Menon Bearings Ltd
Q1 FY24 Earnings Call Analysis
Auto Components
capex: Yesrevenue: Category 2margin: Category 3orderbook: Yesfundraise: No
💰fundraise
Any current/future new fundraising through debt or equity?
- There is no explicit mention of any current or planned fundraising through equity in the call transcript.
- The company has increased debt by about ₹19 crores primarily for capital expenditure (CapEx) related to Menon Bearings and cash balances.
- Cash and bank balances stand at around ₹24 crores, and some funds have been invested in mutual funds and subsidiaries.
- No specific plans for new debt or equity fundraising were discussed or indicated in the transcript.
- The focus remains on organic growth and capacity augmentation funded through existing resources and debt taken for CapEx.
🏗️capex
Any current/future capex/capital investment/strategic investment?
- Menon Bearings is undertaking CapEx of Rs. 30 crore to increase capacities.
- Bearing capacity augmentation and aluminium division expansion are key focus areas.
- Aluminium capacity (Alkop) is planned to increase from 1440 tonnes to 2500 tonnes by adding high-pressure die-casting machines, CNC, and VMC machines along with building expansions.
- Bearing division capacity will also be expanded.
- Capital work in progress (CWIP) of Rs. 14 crore is expected to be fully capitalized in the current year.
- Menon Bearings New Ventures subsidiary is created to explore attractive projects; currently, no finalized investments but proposals include engineering businesses and chargers for electric vehicles.
- No plans to hive off existing verticals.
- Discussions ongoing with Brakes India for possible growth, but not included in current growth estimates.
📊revenue
Future growth expectations in sales/revenue/volumes?
- Consolidated revenue expected to grow at ~25% CAGR for next 2 years.
- Standalone Menon Bearings projected growth at ~15% CAGR for next 3 years.
- Aluminium division (Alkop) expected to grow 40%-45% CAGR for next 2 years, then 16%-17% in the third year.
- Brake division anticipated to grow at 70%-75% CAGR for the next 3 years.
- Additional order inflows of around ₹130-140 crore over next 1.5-2 years to support growth.
- Capacity expansions in bearing and aluminium segments to accommodate higher volumes (bimetal capacity from 486 to ~550 lakhs; aluminium capacity from 1440 to 2500 tonnes).
- Growth driven by export orders and aftermarket demand, with new business opportunities in braking and casting segments.
- Tractor business expected to recover gradually, Japan exports slowly improving, supporting sales growth.
📈margin
Future growth expectations in earnings/operating earnings/profits/EPS?
- Menon Bearings Ltd expects a consolidated year-on-year growth rate of approximately 25%-26% for the next two years.
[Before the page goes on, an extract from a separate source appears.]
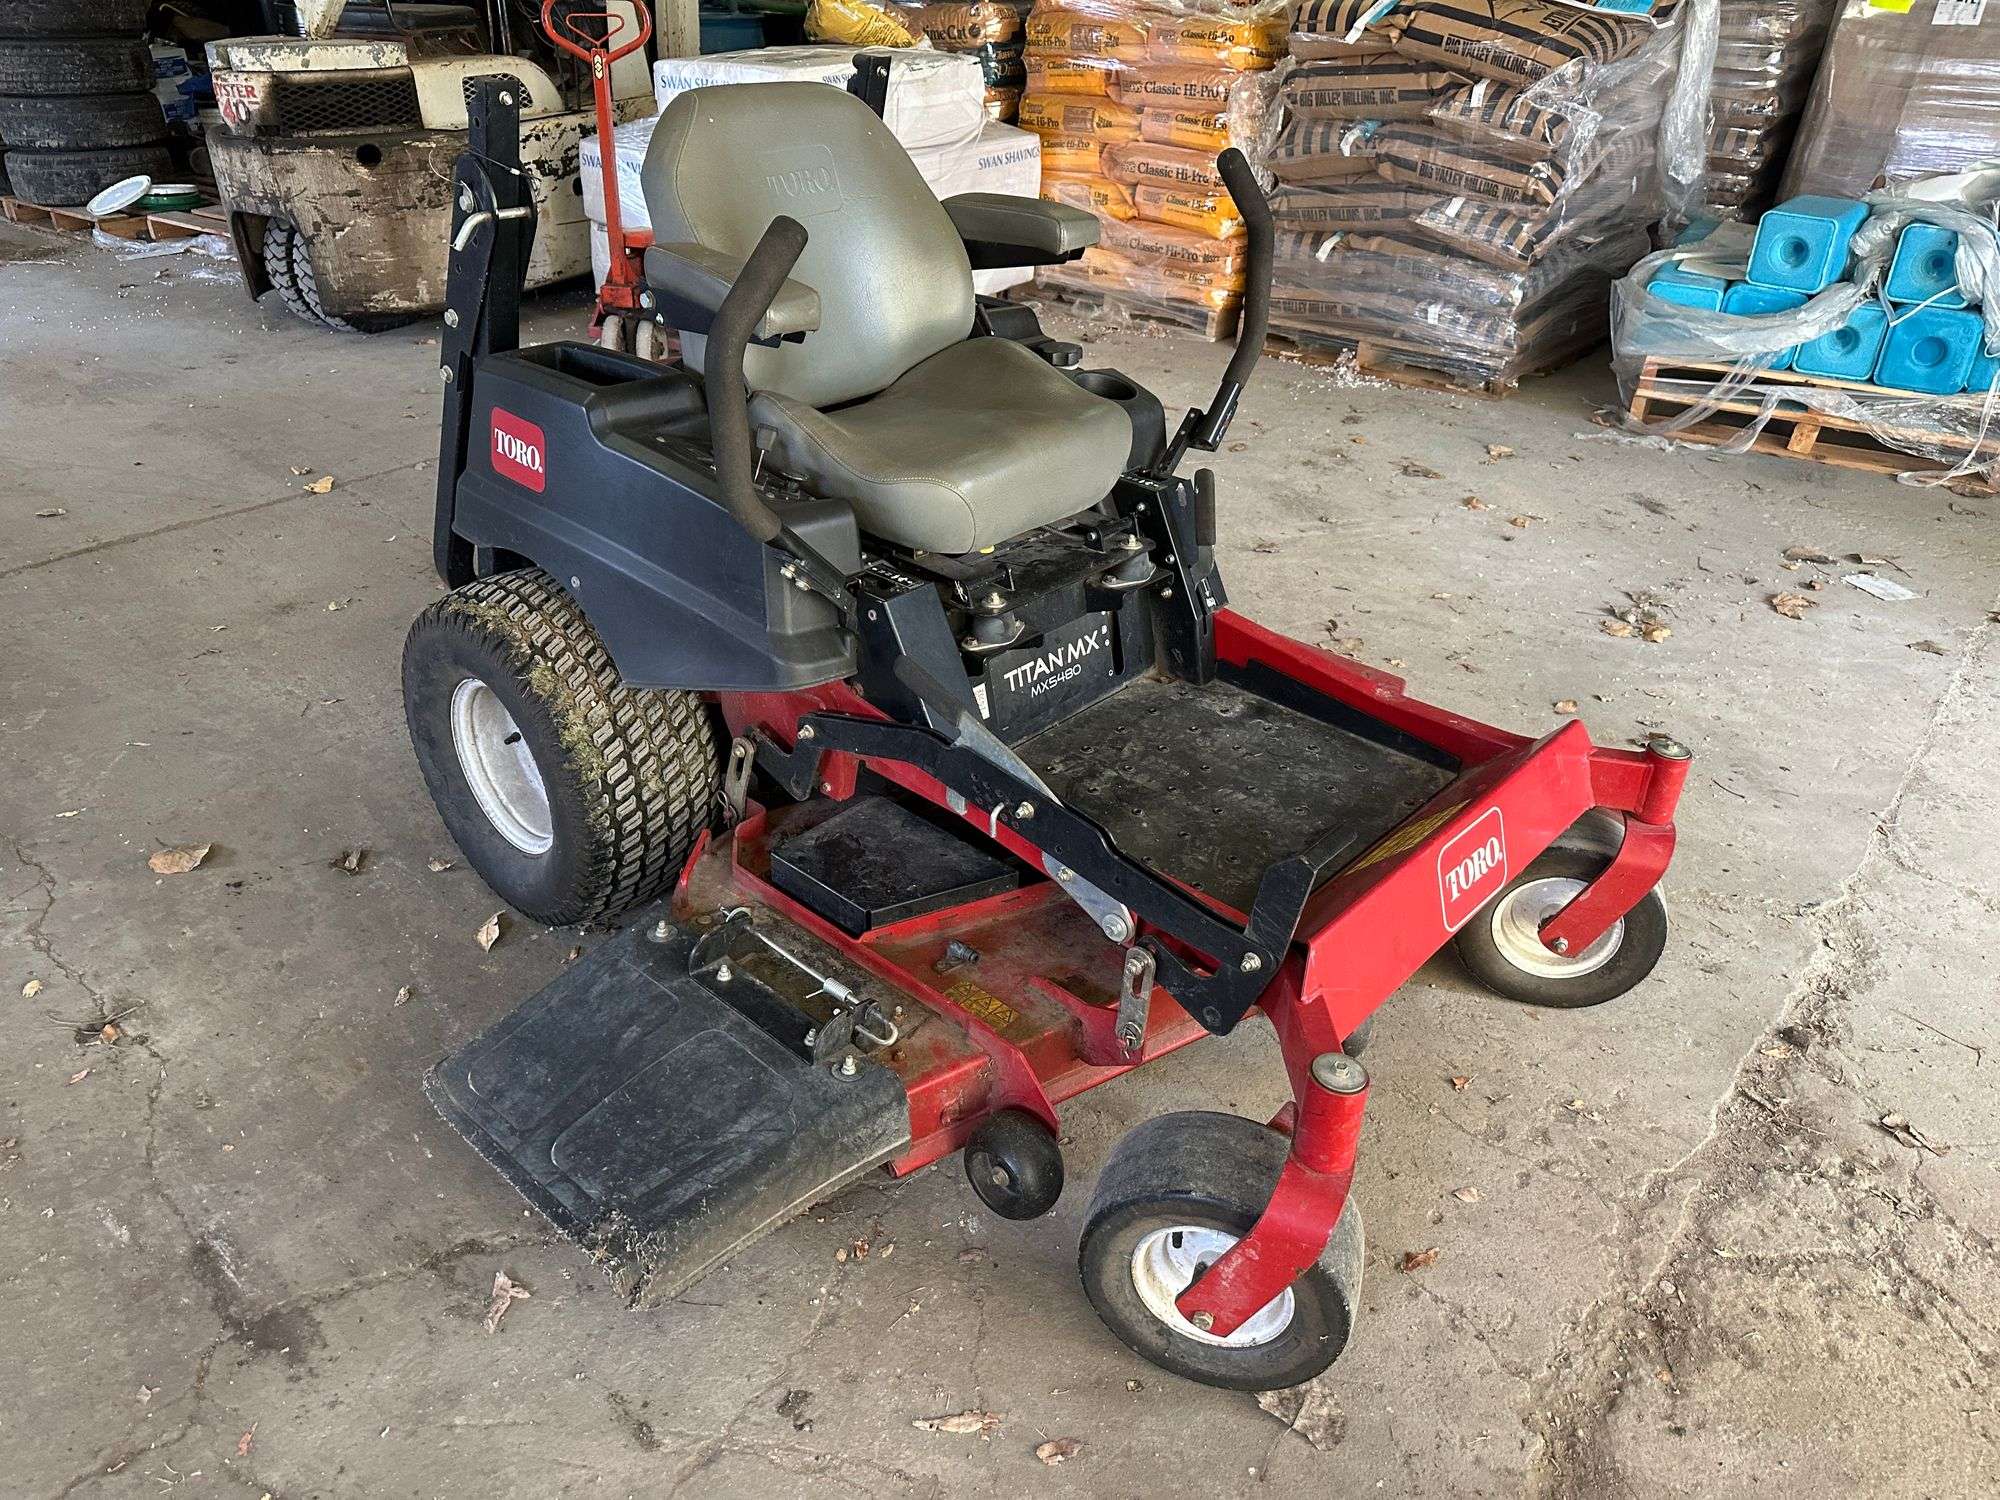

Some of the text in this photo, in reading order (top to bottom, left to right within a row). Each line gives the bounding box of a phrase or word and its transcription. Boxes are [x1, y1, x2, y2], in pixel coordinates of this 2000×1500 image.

- Standalone Menon Bearings segment is projected to grow about 15% per year for the next three years.
- The Aluminium division (Alkop) is anticipated to grow around 40%-45% for the next two years, with 16%-17% growth in the third year.
- Brake division growth is forecasted at 70%-75% over the next three years.
- Incremental order book of around Rs. 130 crores (over and above current run rate) expected to support growth.
- EBITDA margins are expected to revert to around 23%-24% after current pressure due to input cost increases.
- Sample approvals and orders from customers like John Deere and Honeywell are driving future growth.
- The company aims to reach approximately Rs. 400 crore revenue in the near future, supported by capacity expansions.
📋orderbook
Current/ Expected Orderbook/ Pending Orders?
- The incremental order book for FY 2025 is around ₹130 crore, additional to the current run rate.
- This comprises approximately ₹90 crore in Alkop (including ₹70 crore plus ₹18-20 crore from Honeywell) and ₹40 crore in bearings.
- These orders are expected to be executed over the next 1.5 to 2 years.
- Orders include tooling orders for which advances have been received.
- The company anticipates additional order inflows driven by customers preferring sourcing from India due to "China Plus One" and "Europe One" policies, amounting to about ₹140 crore within two years.
- In the brake lining business, anticipated growth is about 70-75% year-on-year for the next three years based on existing export and aftermarket orders; discussions with Brakes India are ongoing but not included in current estimates.
- Metallurgical bimetal orders are expected to start regular supplies by Nov-Dec 2024.
- Sampling and testing are ongoing for some new orders, with potential contract wins expected in the near term.